▶ WORK ITEM
Your task is to copy the data exactly while leaving out every picture.

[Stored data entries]

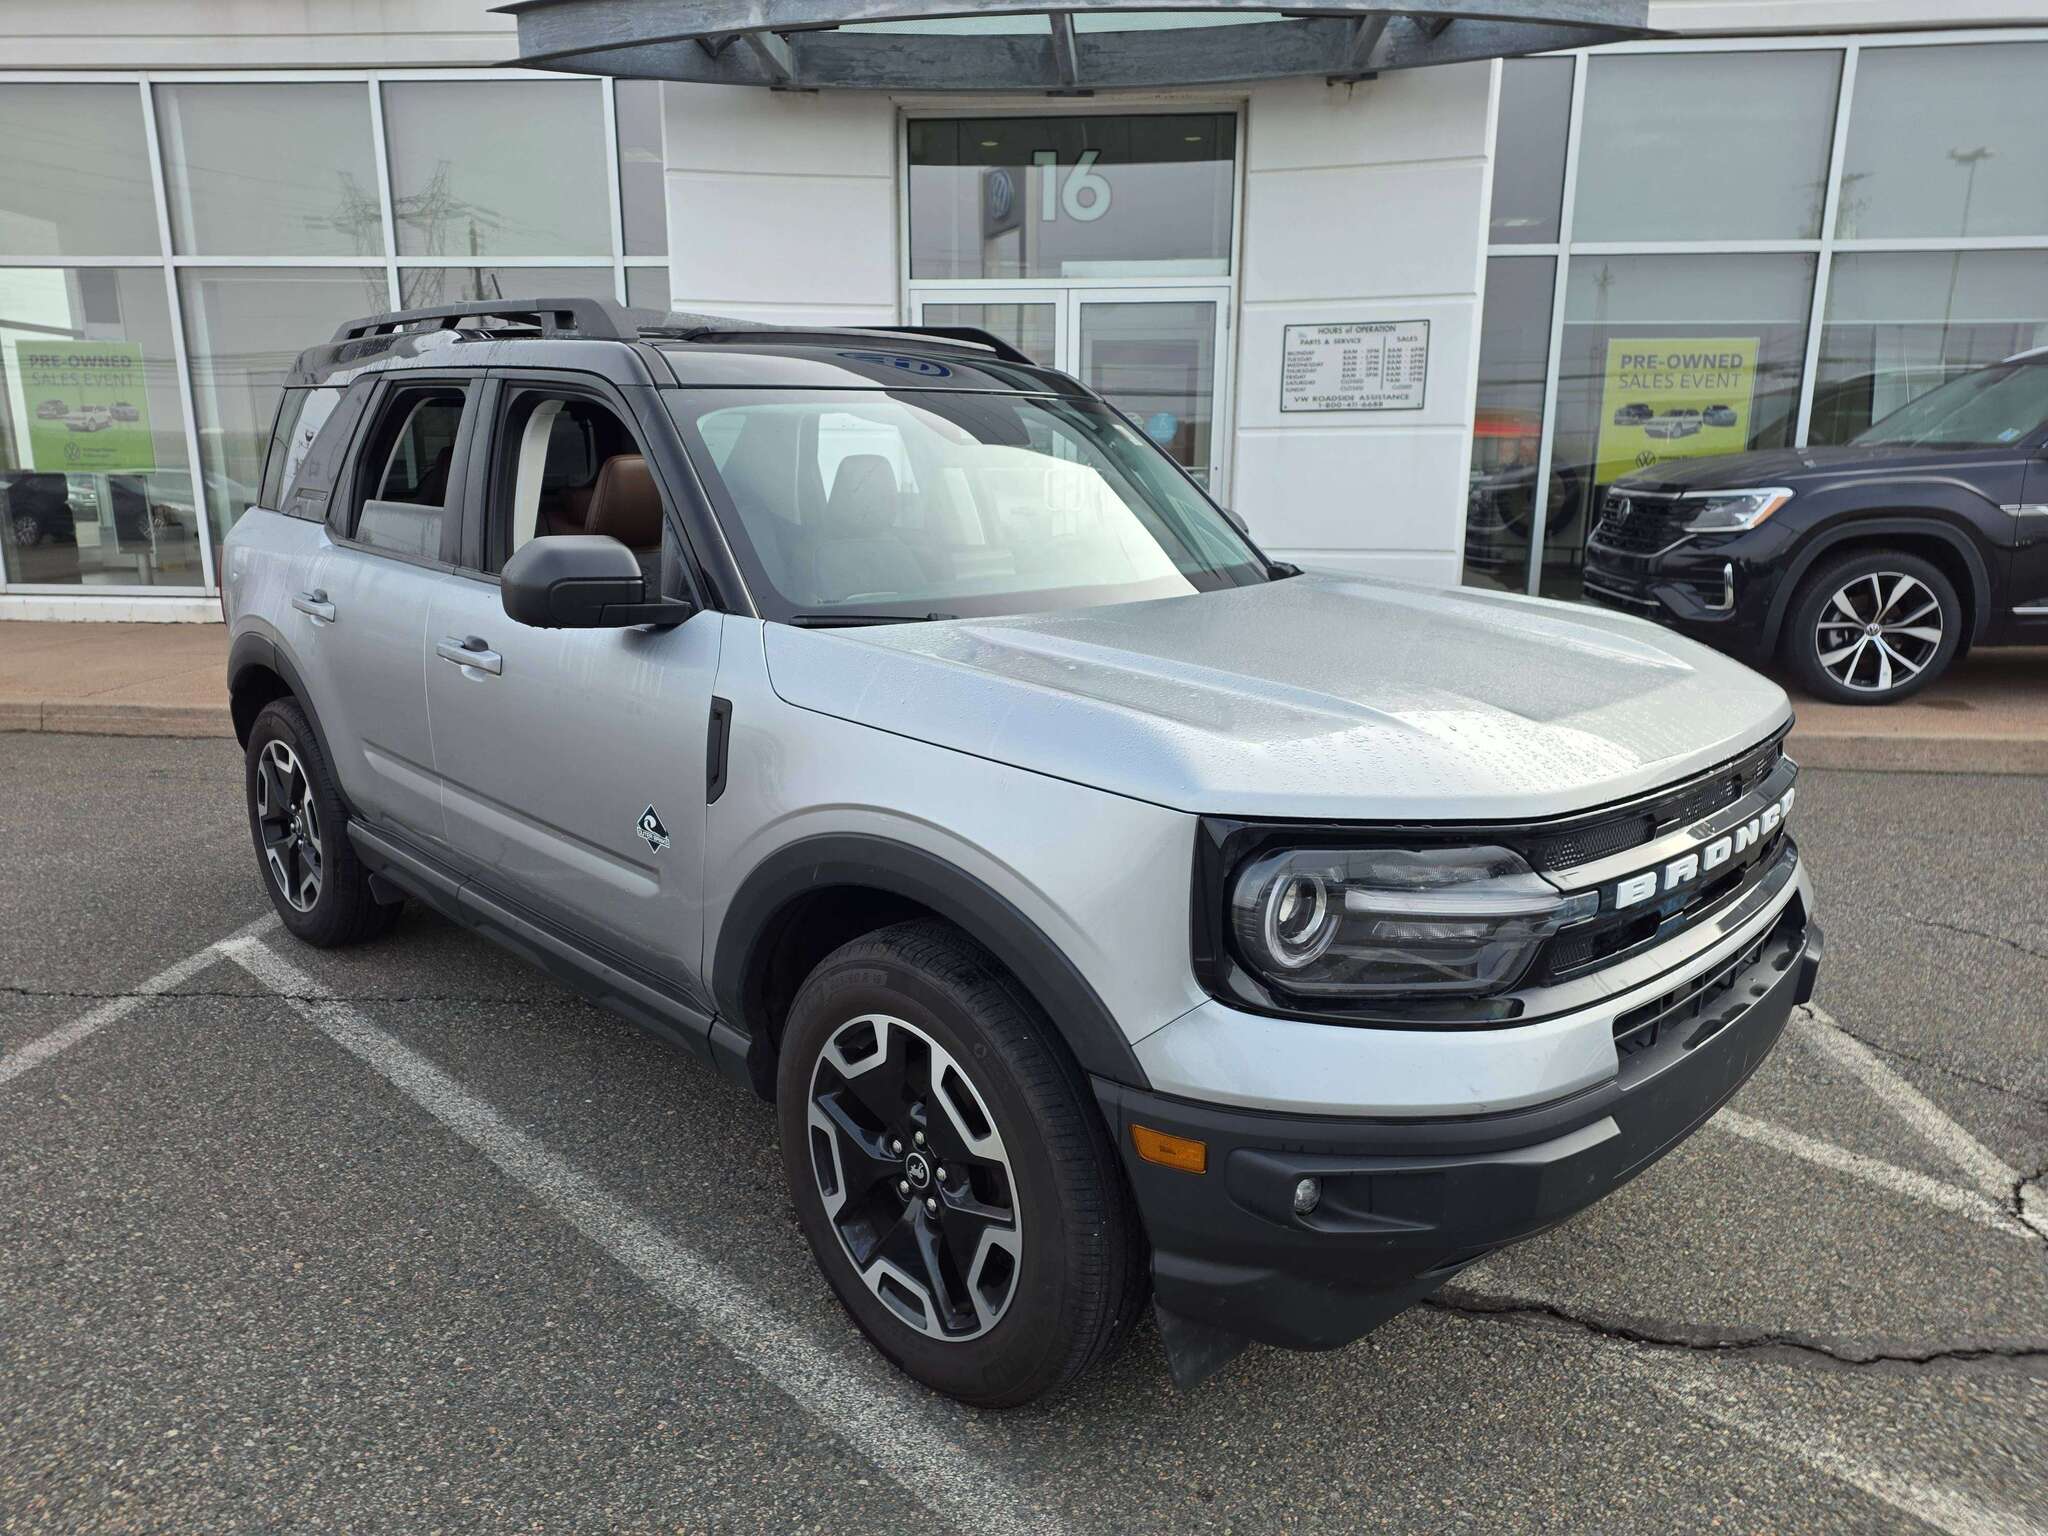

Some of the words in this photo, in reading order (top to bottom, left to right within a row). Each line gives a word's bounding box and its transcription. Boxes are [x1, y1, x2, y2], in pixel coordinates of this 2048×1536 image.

[1032, 149, 1112, 222] 16
[1318, 327, 1343, 335] HOURS
[1355, 325, 1397, 333] OPERATION
[1397, 335, 1418, 343] SALES
[28, 354, 132, 368] PRE-OWNED
[1620, 353, 1743, 369] PRE-OWNED
[32, 371, 79, 386] SALES
[84, 373, 133, 387] EVENT
[1619, 373, 1674, 389] SALES
[1680, 373, 1742, 389] EVENT
[1312, 394, 1354, 402] ROADSIDE
[1359, 393, 1409, 401] ASSISTANCE
[1616, 788, 1795, 909] BRONCO

▶ EXPECTED ANSWER
Some of the words in this photo, in reading order (top to bottom, left to right within a row). Each line gives a word's bounding box and its transcription. Boxes are [x1, y1, x2, y2], in pixel coordinates of this 2048×1536 image.

[1032, 149, 1112, 222] 16
[1318, 327, 1343, 335] HOURS
[1355, 325, 1397, 333] OPERATION
[1397, 335, 1418, 343] SALES
[28, 354, 132, 368] PRE-OWNED
[1620, 353, 1743, 369] PRE-OWNED
[32, 371, 79, 386] SALES
[84, 373, 133, 387] EVENT
[1619, 373, 1674, 389] SALES
[1680, 373, 1742, 389] EVENT
[1312, 394, 1354, 402] ROADSIDE
[1359, 393, 1409, 401] ASSISTANCE
[1616, 788, 1795, 909] BRONCO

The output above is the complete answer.